Both Miranda and Escobar agree that encouraging the community to continue to destigmatize mental illness is paramount. 

As important as community support is when it comes to protecting veterans and servicemembers, policies designed to buttress support are equally important. 

According to the Mayo Clinic, mental health stigma not only has psychological effects that further exacerbate mental illness, but can also lead to discrimination.

Escobar has introduced legislation designed to enhance the quality of care for veterans and service members. 

The Honor Our Commitment Act of 2020 would require the U.S. Department of Veterans Affairs (VA) to provide mental health care to veterans who received other-than-honorable discharges, or a “bad paper” discharge. 

One report says that some bad paper discharges are due to undiagnosed physical or mental disabilities that contributed to misconduct. The report suggests that many bad paper discharges are the result of trauma.

According to the report:

“Servicemembers, especially servicemembers who deploy to combat zones or who experience Military Sexual Trauma (MST), are at higher risk for PTSD. Among the common symptoms of PTSD are sleep disorders, mood changes, reckless behavior, substance use, and isolation. These same symptoms can contribute to behavior—such as failure to carry out duties, being chronically late, or not complying with policies—deemed inconsistent with the standards of military service. Especially when a servicemember’s PTSD is undiagnosed, a military command may discharge a servicemember with bad paper without any understanding of the true origin of the servicemember’s conduct and without any consideration of the mitigating circumstances.”


Bad paper discharges have affected hundreds of thousands of veterans. Today, more than 400,000 veterans are at-risk for denied care because of bad paper discharges. 

“Combat veterans, sexual assault victims and other service members that have risked their lives and suffered the wounds of war should not be denied care,” Escobar said. “We lose thousands of brave veterans to suicide every year, and a majority of those are not accessing health care through the VA. This critical legislation will ensure that no veteran is left behind because they can’t cut through red tape and access the services and resources they need and deserve.”

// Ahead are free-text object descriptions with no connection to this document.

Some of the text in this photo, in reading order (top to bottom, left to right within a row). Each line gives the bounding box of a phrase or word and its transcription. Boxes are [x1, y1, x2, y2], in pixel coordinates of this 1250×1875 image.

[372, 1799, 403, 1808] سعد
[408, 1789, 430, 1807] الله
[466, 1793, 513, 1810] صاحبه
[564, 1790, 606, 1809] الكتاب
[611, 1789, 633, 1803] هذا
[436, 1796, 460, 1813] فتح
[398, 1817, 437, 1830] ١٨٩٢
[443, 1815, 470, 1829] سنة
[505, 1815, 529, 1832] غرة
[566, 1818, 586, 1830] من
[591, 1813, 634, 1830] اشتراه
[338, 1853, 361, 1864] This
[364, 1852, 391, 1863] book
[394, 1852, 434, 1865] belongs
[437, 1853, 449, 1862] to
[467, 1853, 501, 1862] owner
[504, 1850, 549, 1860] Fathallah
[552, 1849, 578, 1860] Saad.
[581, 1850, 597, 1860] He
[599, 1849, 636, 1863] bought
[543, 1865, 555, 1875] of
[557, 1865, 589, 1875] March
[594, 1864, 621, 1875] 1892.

Another piece of legislation introduced by Escobar, the Ask Veterans Act, would require the VA to contract experienced third-party organizations to conduct yearly surveys to assess veterans’ experiences obtaining care at various VA sites. The bill would require the survey creator to consult with Veterans Services Organizations in order to gain critical insight.

The bills introduced by Escobar are all designed to ensure veterans and service members are heard by the federal government.

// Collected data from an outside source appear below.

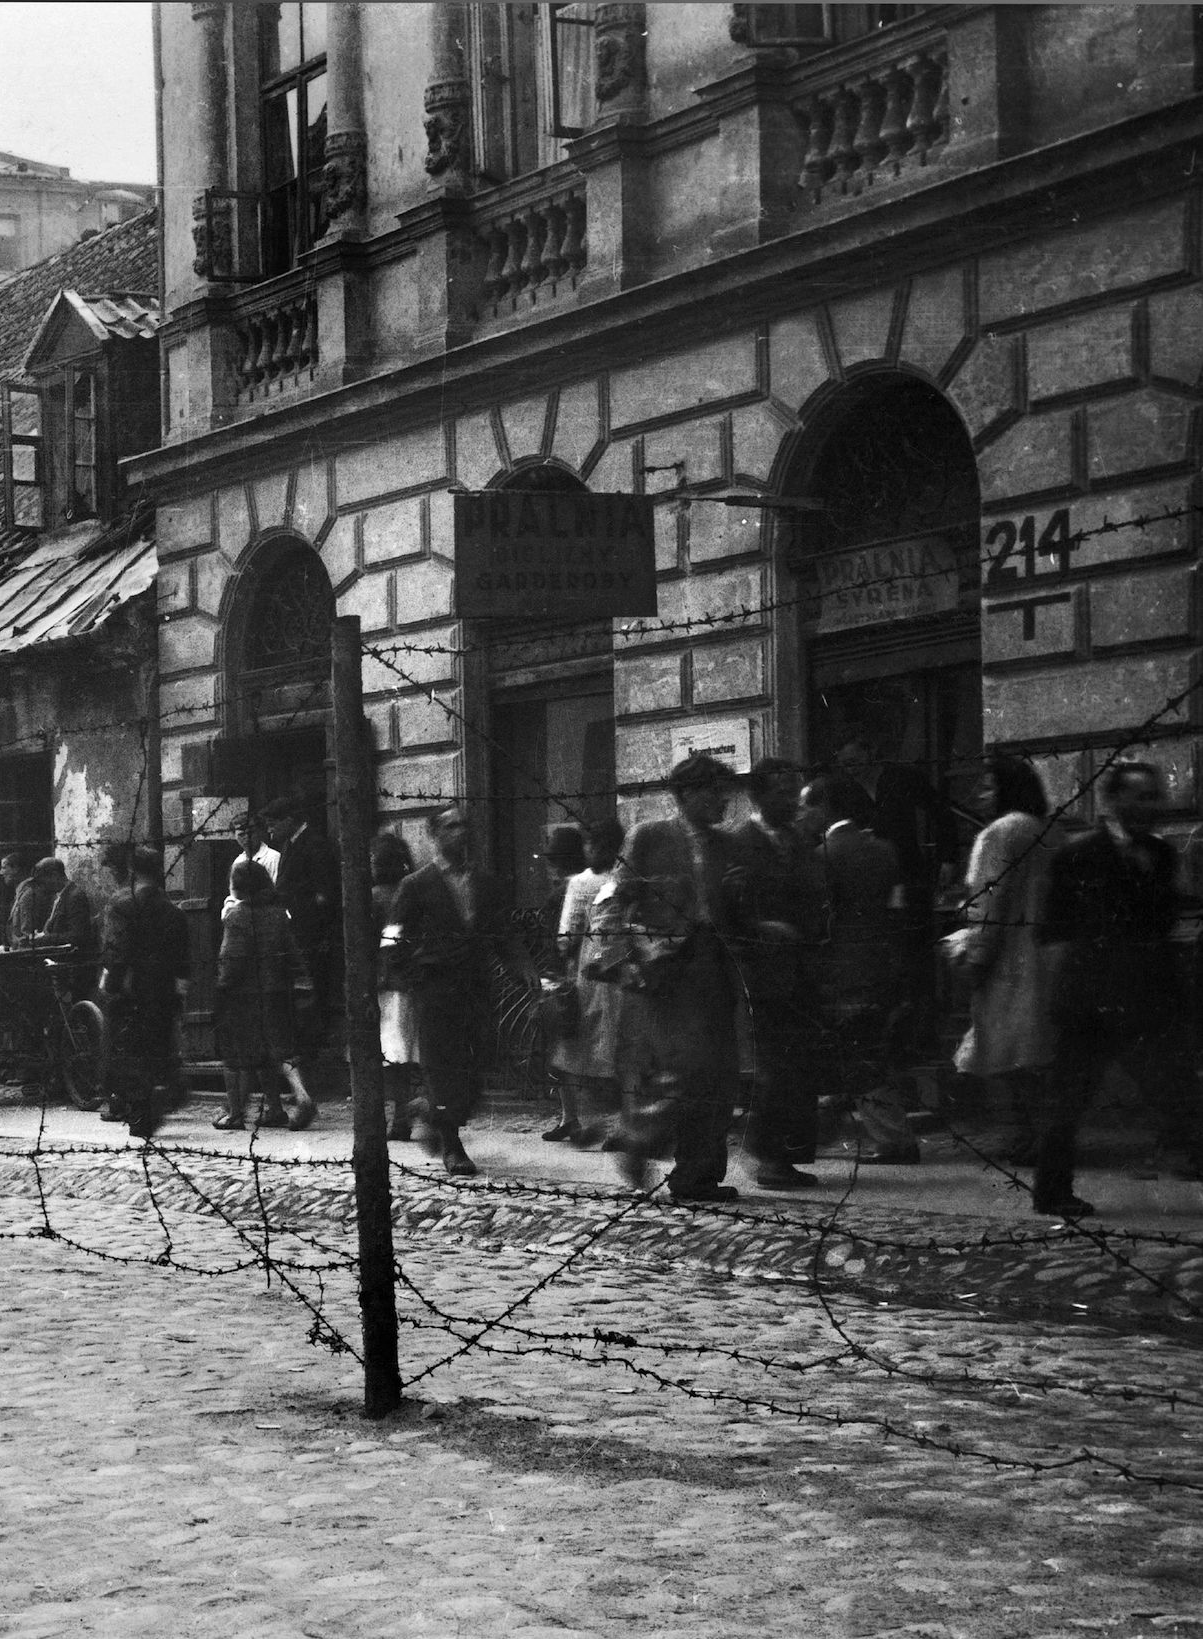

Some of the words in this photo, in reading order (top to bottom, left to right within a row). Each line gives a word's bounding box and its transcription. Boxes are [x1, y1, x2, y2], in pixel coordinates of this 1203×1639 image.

[464, 494, 646, 538] PRALNIA
[821, 544, 942, 586] PRALNIA
[985, 509, 1077, 586] 214
[476, 572, 633, 591] GARDEROBY
[836, 580, 934, 609] SYRENA
[986, 591, 1072, 641] T

“I’ve heard from far too many service members and veterans who have issues receiving benefits and care,” said Escobar. “To gain insight on veterans’ experiences in our VAs and ensure transparency, we need to listen and take our cues from our veterans directly.”

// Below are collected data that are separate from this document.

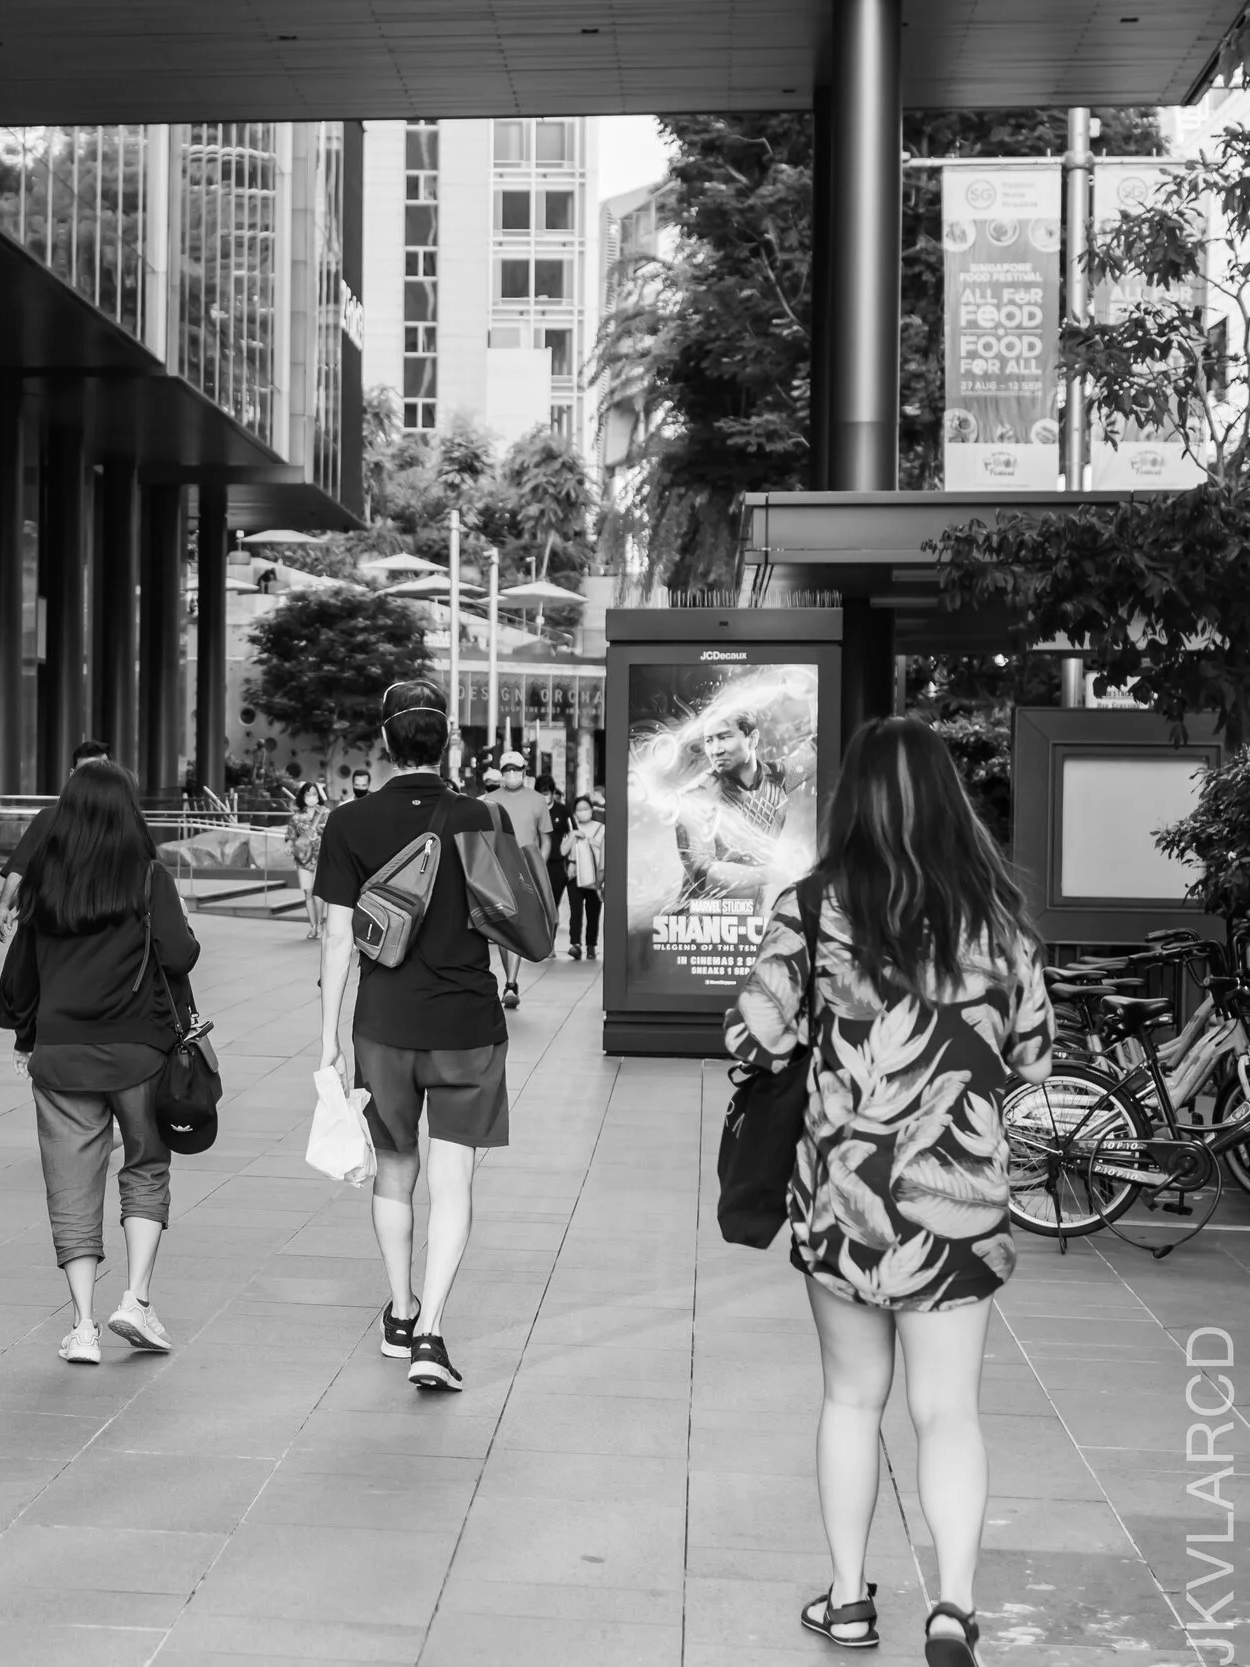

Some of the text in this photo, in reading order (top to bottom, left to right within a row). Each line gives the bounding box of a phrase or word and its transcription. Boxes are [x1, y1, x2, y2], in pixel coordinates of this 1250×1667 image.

[960, 271, 1043, 281] FOOD FESTIVAL
[961, 287, 1043, 304] ALL FOR
[960, 304, 1043, 328] FOOD
[960, 334, 1043, 357] FOOD
[960, 358, 1043, 375] FOR ALL
[700, 650, 748, 661] JCDecaux
[458, 685, 524, 701] DESGN
[691, 899, 754, 914] MARVEL STUDIOS
[653, 915, 769, 944] SHANG-C
[739, 944, 757, 952] TEN
[677, 956, 687, 965] IN
[690, 956, 734, 966] CINEMAS
[737, 957, 744, 966] 2
[691, 966, 750, 975] SNEAKS 1 SEP

This week, a separate piece of legislation was passed that will contribute to supporting service members and veterans through inter-departmental collaboration designed to protect their interests on the policy level .

On Tuesday, the House Judiciary Committee passed Escobar’s bill to protect service members and veterans by establishing permanent initiatives in conjunction with the Civil Rights Division of the Department of Justice (DOJ). 

The Servicemembers and Veterans Initiative Act of 2020 (H.R. 8354) assigns duties to the DOJ to represent the legal interests of service members, veterans and their families. Some of the interests include serving as legal and policy advisor to the Attorney General, developing policy recommendations, and a significant emphasis on liaisons between the DOJ and military departments. 

“By permanently establishing a Servicemembers and Veterans Initiative within the Civil Rights Division of the Department of Justice, the Servicemembers and Veterans Initiative Act ensures that the Department can effectively address civil and criminal frauds against servicemembers and their families. I thank Representative Escobar for her leadership on this issue and for authoring this important legislation,” said House Judiciary Committee Chairman Jerrold Nadler.

The bill is currently awaiting consideration on the House floor.